Peggy Ault founded the Citizens in Action for Clackamas County, Oregon, headquartered in Milwaukie, Oregon, to organize opposition to an adult video-store. As a member of this organization, Ault has participated in picketing adult stores. She is apparently also involved in Citizens for Legislation Against Decadence through which she lobbies the legislature to enact anti-pornography measures. In recognition of her activities Ault was interviewed by the newspaper, Willamette Week, and her photograph accompanied the resulting article.

In its April 1985 issue, Hustler Magazine published an article featuring Peggy Ault as “Asshole of the Month.” The article is accompanied by a small photograph of Ault superimposed over the rear-end of a bent-over naked man. The article discusses Ault’s anti-pornography activities and characterizes her organization as a “wacko group” engaging in censorship and intimidation tactics with plans to undermine first amendment freedoms. The article portrays Ault as a “tightassed housewife,” “frustrated,” “threatened by sex,” a “fanatic,” a “crackpot” and a “deluded busybody” in need of “professional help.”

Ault initially sued in state court and the Hustler defendants removed to federal court. The original complaint included claims for intentional infliction of emotional distress, invasion of privacy, libel, outrage, trespass, conversion, interference with first amendment rights, obscenity and joint and [880]*880several liability.
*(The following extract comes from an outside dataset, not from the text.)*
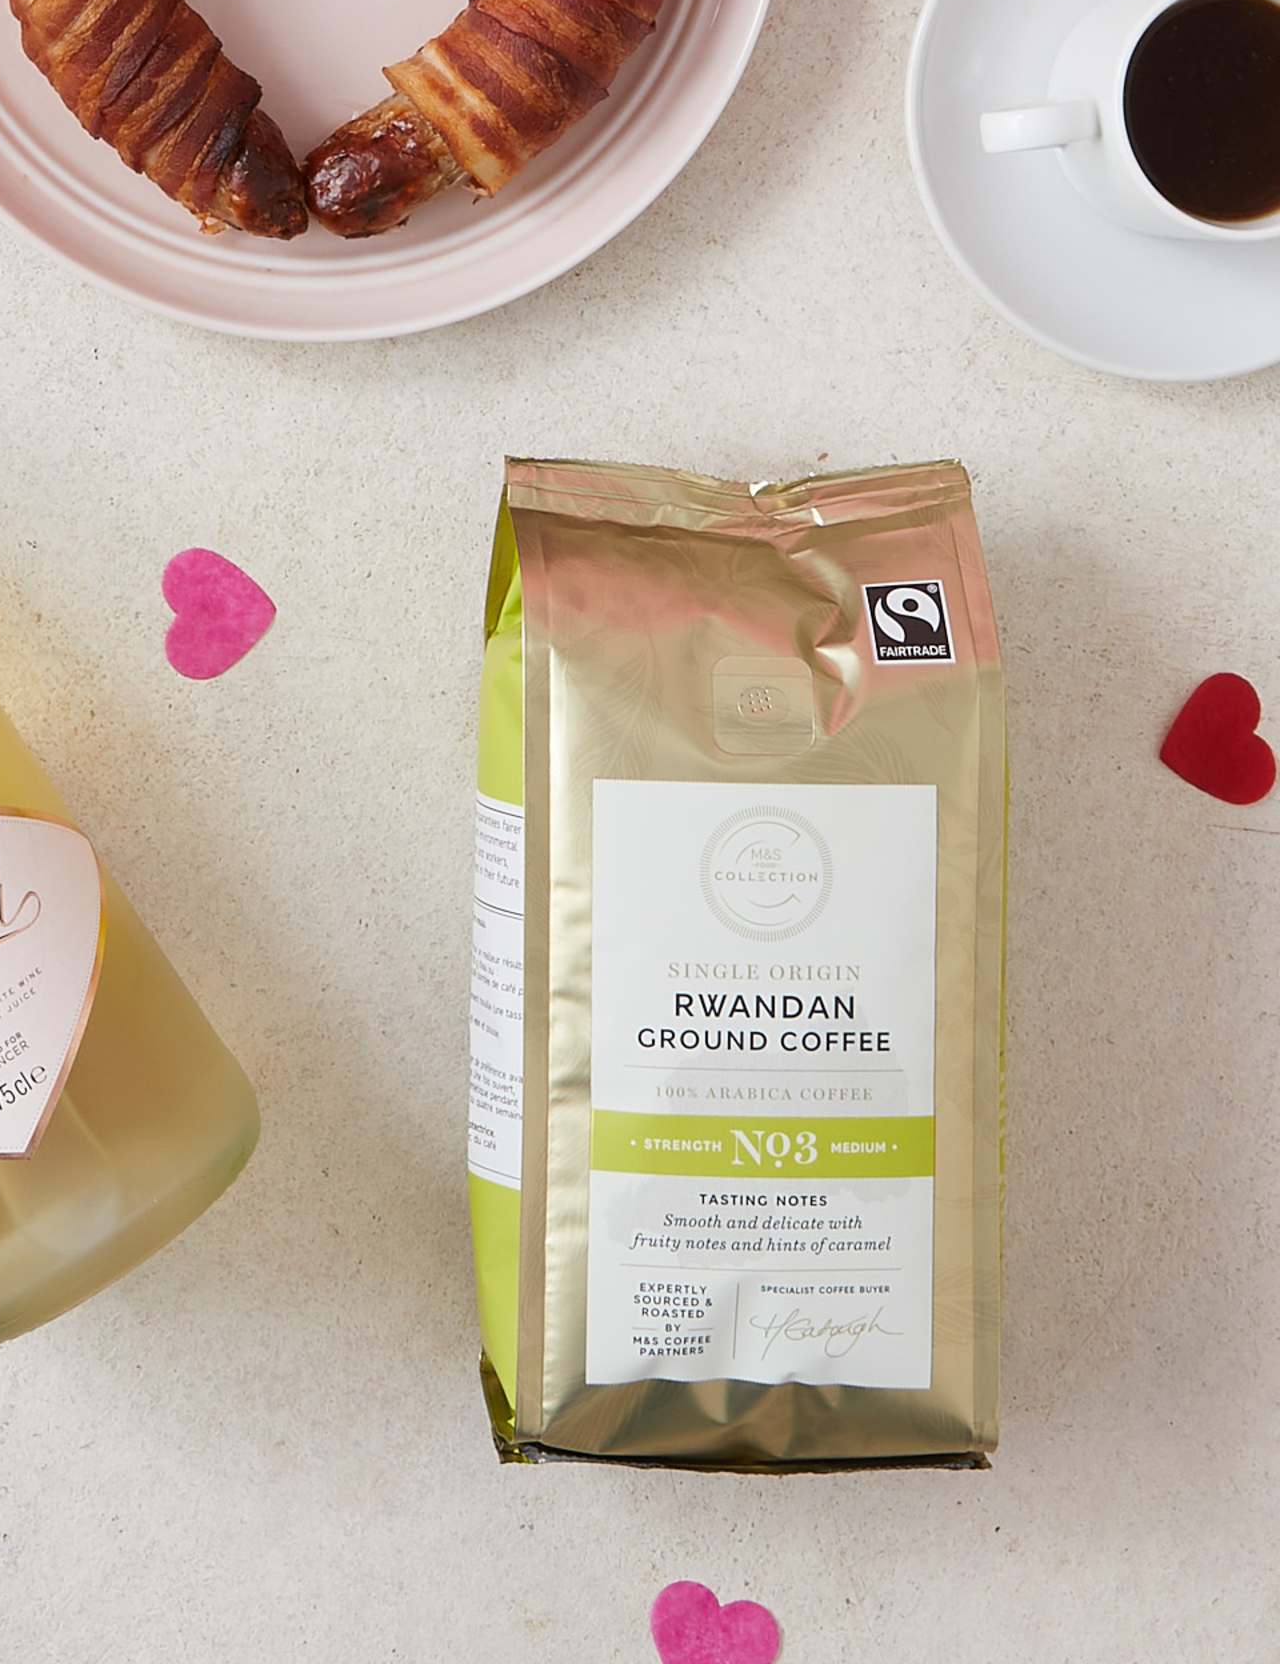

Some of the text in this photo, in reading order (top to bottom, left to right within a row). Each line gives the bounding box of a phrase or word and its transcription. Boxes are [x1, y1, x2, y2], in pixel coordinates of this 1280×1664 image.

After Ault filed a second amended complaint correcting a clerical error (i.e., the inadvertent inclusion of claims from another complaint), the district court dismissed the claims for libel and intentional infliction of emotional distress as barred by the statute of limitations, and the claims for trespass and conversion for failure to state a claim. It dismissed defendants Larry Flynt and L.F.P., Inc. for lack of personal jurisdiction. In her third amended complaint Ault re-alleged all four forms of invasion of privacy and the district court dismissed the complaint. The court also imposed sanctions on Ault and her attorney for filing frivolous claims and awarded attorney fees to Hustler for time spent responding to the erroneous first amended complaint.

The court entered a final judgment dismissing the action on March 9, 1987. Ault timely appeals challenging all rulings of the district court.

DISCUSSION

I. Libel, False Light, and Intentional Infliction of Emotional Distress

As a threshold matter we must determine whether the Hustler article constitutes the expression of an opinion rather than of factual statements. The distinction is crucial because if a challenged statement is one of opinion rather than fact, then under the first amendment it cannot give rise to a defamation claim. Greenbelt Cooperative Publishing Ass ’n Inc. v. Bresler, 398 U.S. 6, 14, 90 S.Ct. 1537, 1542, 26 L.Ed.2d 6 (1970). Opinions are constitutionally privileged because, in the Supreme Court’s oft-reiterated view, under the first amendment there is no such thing as a false idea. Gertz v. Robert Welch, Inc., 418 U.S. 323, 339-40, 94 S.Ct. 2997, 3007, 41 L.Ed.2d 789 (1974). We have explained that “[bjecause a statement must be false to be actionable defamation, Restatement (Second) of Torts § 558(a) (1977), an opinion is simply not actionable defamation.” Lewis v. Time Inc., 710 F.2d 549, 553 (9th Cir.1983). It is likewise clear that a constitutionally privileged statement of opinion cannot form the basis of a claim for invasion of privacy by placing a person in a false light. Time, Inc. v. Hill, 385 U.S. 374, 387-88, 87 S.Ct. 534, 542, 17 L.Ed.2d 456 (1967). Nor can privileged opinion support a claim for intentional infliction of emotional distress. Hustler Magazine, Inc. v. Falwell, — U.S. -, 108 S.Ct. 876, 99 L.Ed.2d 41 (1988). Falwell holds “that public figures and public officials may not recover for the tort of intentional infliction of emotional distress by reason of publications such as the one here at issue without showing in addition that the publication contains a false statement of fact which was made with ‘actual malice,’ i.e., with knowledge that the statement was false or with reckless disregard as to whether or not it was true.” Id. 108 S.Ct. at 882.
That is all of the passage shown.